Other PCI standards with higher performance were created but with low market acceptance: 33 MHz x 64 bits (264 MB/s), 66 MHz x 32 bits (264 MB/s) and 66 MHz x 64 bits (528 MB/s).

Server motherboards usually have, besides PCI slots, PCI-X slots, which are high-performance PCI slots using bigger connectors, however.

A new kind of PCI slot was recently launched, called PCI Express. PCI Express works with serial communication (standard PCI slots work with parallel communication) and its basic transfer rate is of 250 MB/s for “1x” slots. “4x” slots work at 2,000 MB/s and “16x” slots work at 4,000 MB/s.
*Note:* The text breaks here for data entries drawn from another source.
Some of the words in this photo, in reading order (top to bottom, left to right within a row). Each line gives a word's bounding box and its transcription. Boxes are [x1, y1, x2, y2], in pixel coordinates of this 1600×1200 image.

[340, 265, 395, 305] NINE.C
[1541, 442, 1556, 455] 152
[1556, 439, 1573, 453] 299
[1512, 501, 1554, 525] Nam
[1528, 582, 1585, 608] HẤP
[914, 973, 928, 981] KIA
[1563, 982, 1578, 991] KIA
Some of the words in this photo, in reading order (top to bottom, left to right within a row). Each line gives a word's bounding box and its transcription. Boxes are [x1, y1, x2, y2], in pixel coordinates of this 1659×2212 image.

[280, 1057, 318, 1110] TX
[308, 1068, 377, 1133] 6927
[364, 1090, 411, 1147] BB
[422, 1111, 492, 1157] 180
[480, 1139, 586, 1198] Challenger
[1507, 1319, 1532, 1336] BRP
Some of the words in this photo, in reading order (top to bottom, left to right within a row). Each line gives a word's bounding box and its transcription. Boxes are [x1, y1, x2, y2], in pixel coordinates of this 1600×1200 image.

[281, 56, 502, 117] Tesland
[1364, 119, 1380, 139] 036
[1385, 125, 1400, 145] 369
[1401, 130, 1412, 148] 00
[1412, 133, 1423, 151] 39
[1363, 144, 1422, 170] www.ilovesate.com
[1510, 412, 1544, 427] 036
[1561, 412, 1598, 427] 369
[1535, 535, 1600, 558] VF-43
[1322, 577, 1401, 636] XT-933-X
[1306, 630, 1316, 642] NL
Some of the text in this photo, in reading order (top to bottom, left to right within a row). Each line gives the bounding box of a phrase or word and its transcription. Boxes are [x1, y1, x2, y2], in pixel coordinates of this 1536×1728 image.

Each speed grade (1x, 4x, 16x) uses a different connector type, see Figure 1. The most common PCI Express slots are 16x, used by video cards, and 1x, used by other PCI Express cards.

PCI
click to enlarge
Figure 1: PCI slots on a motherboard.

Originally at http://www.hardwaresecrets.com/dictionary/term/353


© 2004-12, Hardware Secrets, LLC. All Rights Reserved.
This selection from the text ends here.